**WHAT IS REQUIRED**.
Output every entry exactly as written, skipping any pictures.

**PROVIDED ENTRIES**.
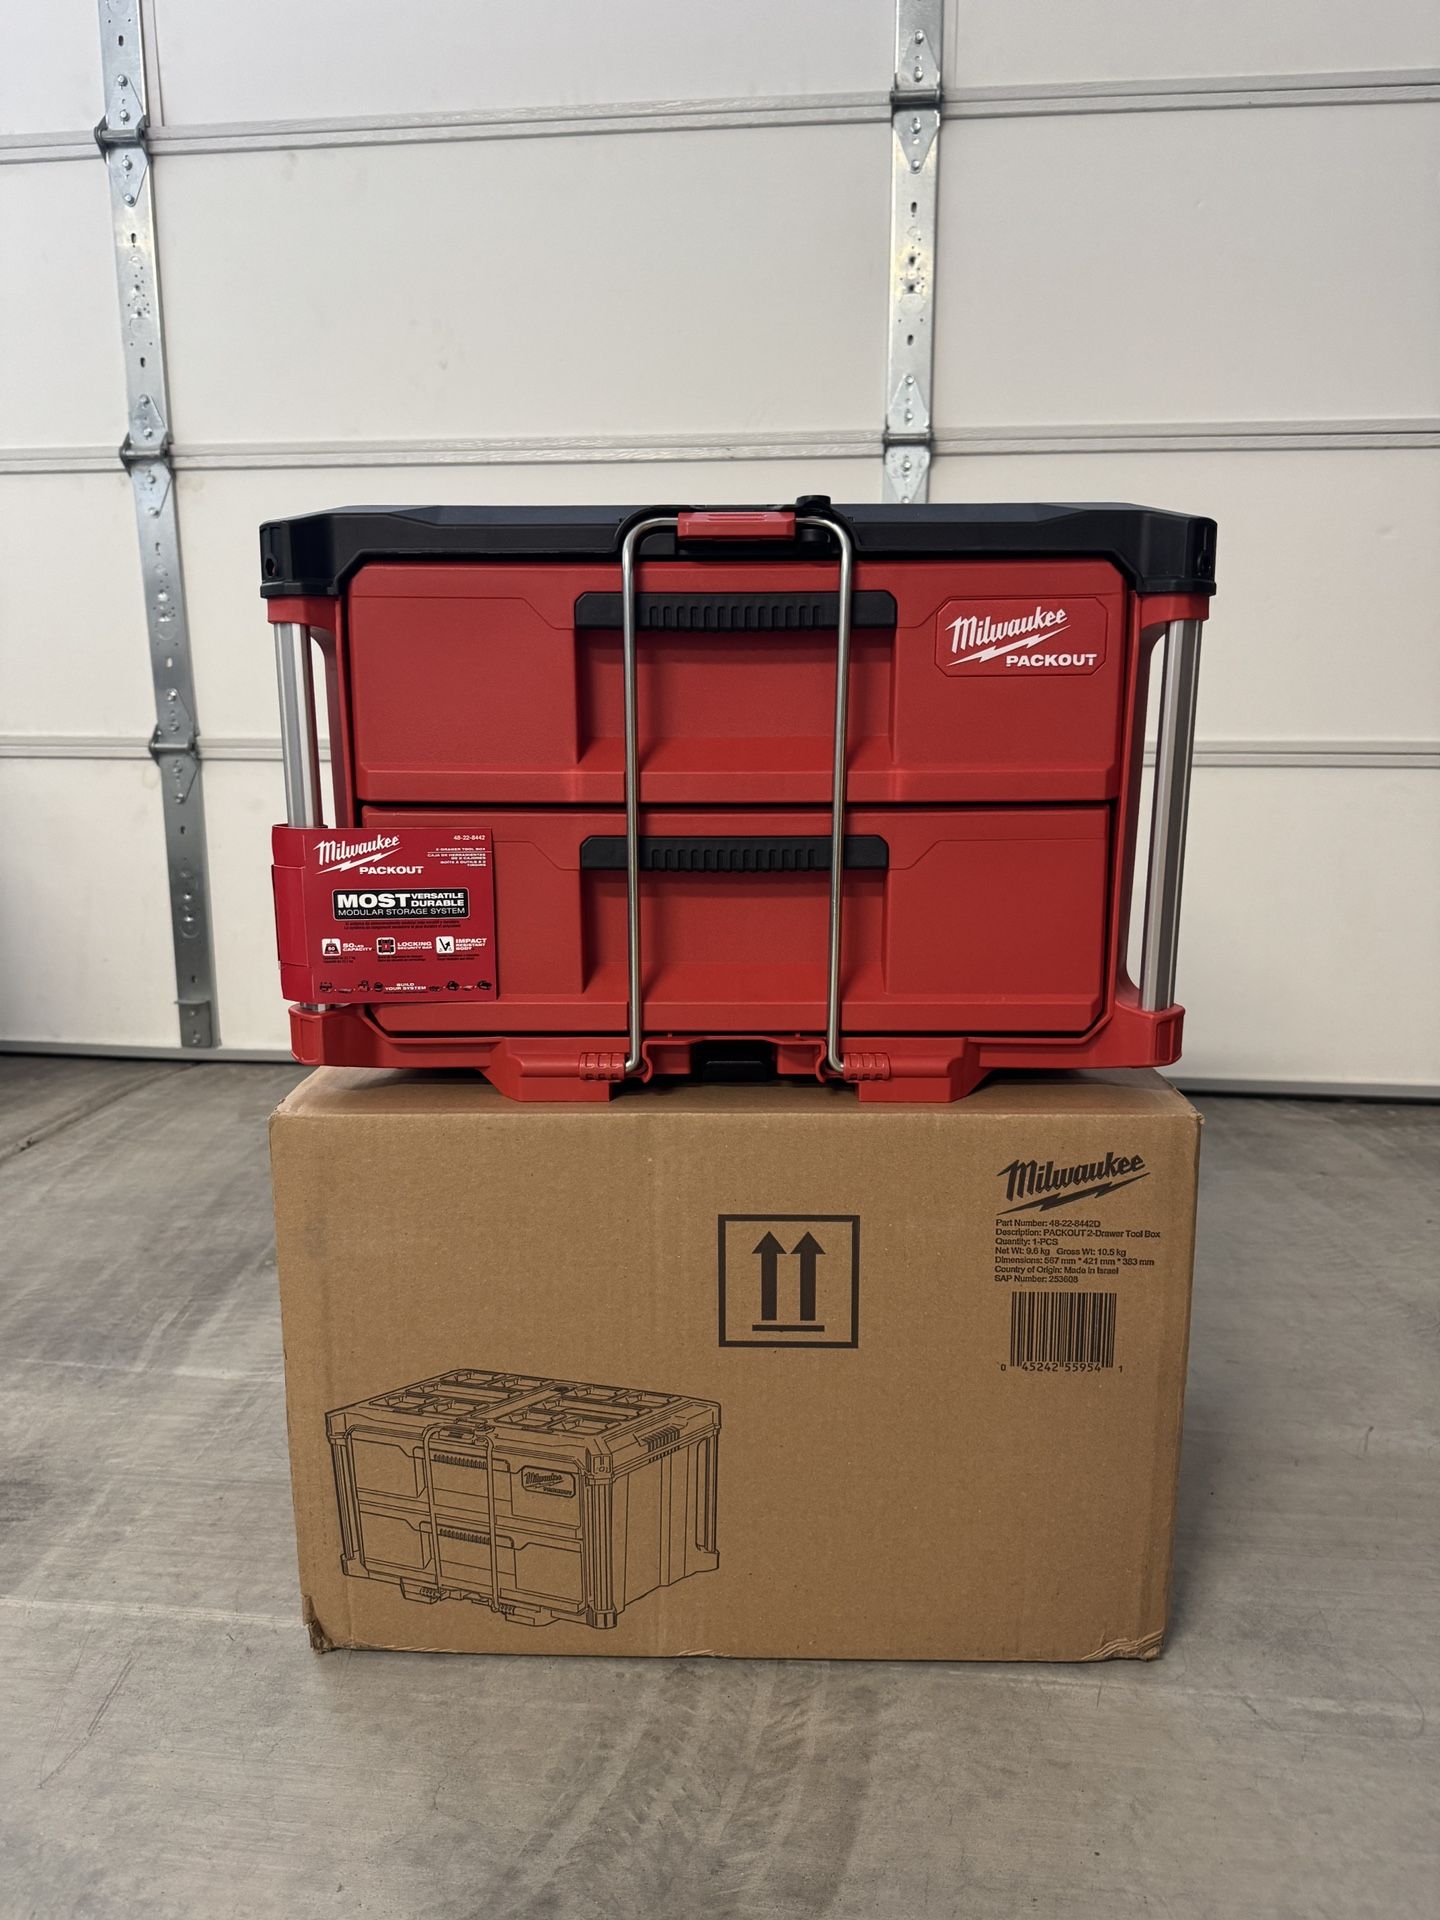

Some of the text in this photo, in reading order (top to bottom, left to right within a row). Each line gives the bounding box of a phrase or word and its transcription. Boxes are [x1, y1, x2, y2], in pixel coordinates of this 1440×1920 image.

[945, 606, 1068, 654] Milwaukee
[1006, 654, 1097, 667] PACKOUT
[313, 834, 400, 865] Milwaukee
[359, 866, 424, 875] PACKOUT
[337, 893, 410, 908] MOST
[997, 1152, 1145, 1201] Milwaukee
[996, 1219, 1101, 1228] Part Number: 48-22-8442D
[995, 1228, 1042, 1237] Description:
[1144, 1230, 1160, 1238] Box
[995, 1238, 1031, 1246] Quantity:
[1040, 1248, 1050, 1256] kg
[1116, 1249, 1126, 1257] kg
[995, 1256, 1042, 1264] Dimensions:
[995, 1266, 1025, 1274] Country
[1036, 1266, 1062, 1275] Origin:
[1014, 1275, 1047, 1283] Number:
[1000, 1362, 1123, 1373] 0 45242 55954 1
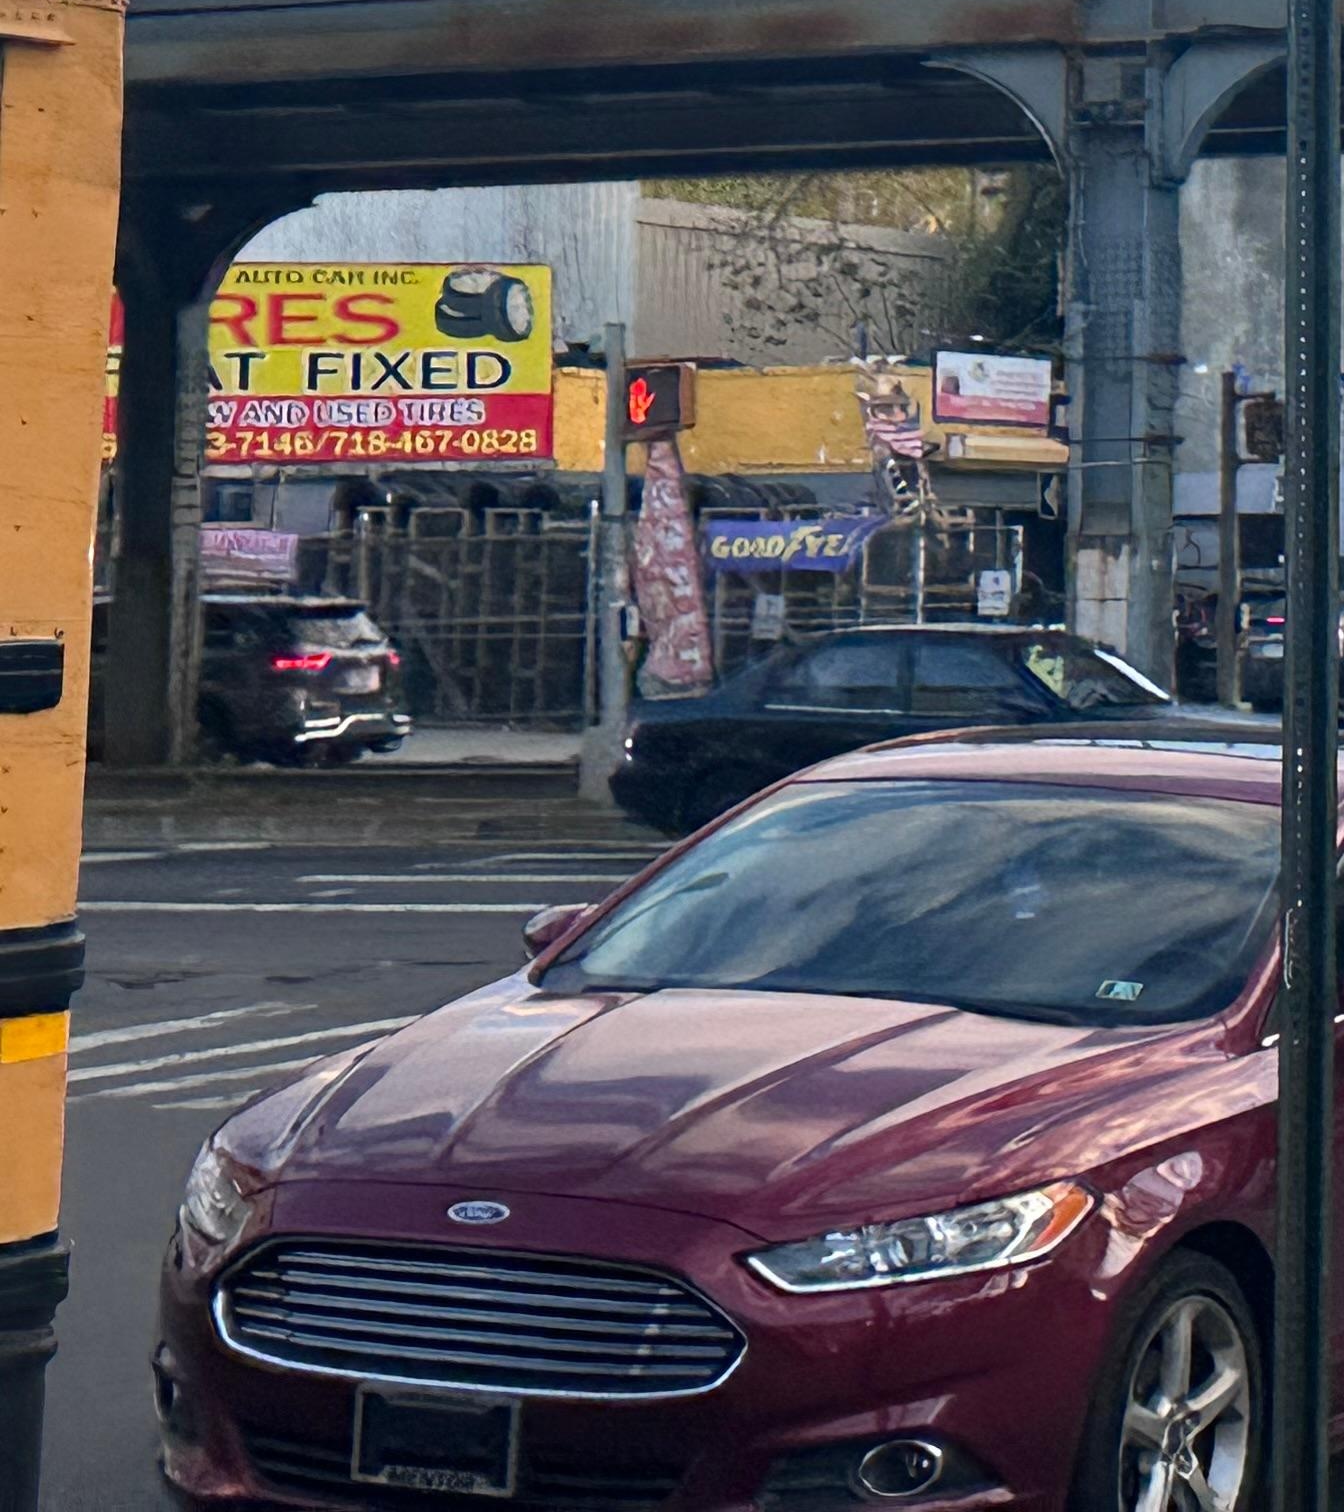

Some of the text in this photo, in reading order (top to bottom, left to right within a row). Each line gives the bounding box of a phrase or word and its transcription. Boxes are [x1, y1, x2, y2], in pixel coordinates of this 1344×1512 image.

**FINISHED TASK**.
Some of the text in this photo, in reading order (top to bottom, left to right within a row). Each line gives the bounding box of a phrase or word and its transcription. Boxes are [x1, y1, x2, y2], in pixel coordinates of this 1440×1920 image.

[945, 606, 1068, 654] Milwaukee
[1006, 654, 1097, 667] PACKOUT
[313, 834, 400, 865] Milwaukee
[359, 866, 424, 875] PACKOUT
[337, 893, 410, 908] MOST
[997, 1152, 1145, 1201] Milwaukee
[996, 1219, 1101, 1228] Part Number: 48-22-8442D
[995, 1228, 1042, 1237] Description:
[1144, 1230, 1160, 1238] Box
[995, 1238, 1031, 1246] Quantity:
[1040, 1248, 1050, 1256] kg
[1116, 1249, 1126, 1257] kg
[995, 1256, 1042, 1264] Dimensions:
[995, 1266, 1025, 1274] Country
[1036, 1266, 1062, 1275] Origin:
[1014, 1275, 1047, 1283] Number:
[1000, 1362, 1123, 1373] 0 45242 55954 1

Some of the text in this photo, in reading order (top to bottom, left to right within a row). Each line gives the bounding box of a phrase or word and its transcription. Boxes are [x1, y1, x2, y2], in pixel coordinates of this 1344×1512 image.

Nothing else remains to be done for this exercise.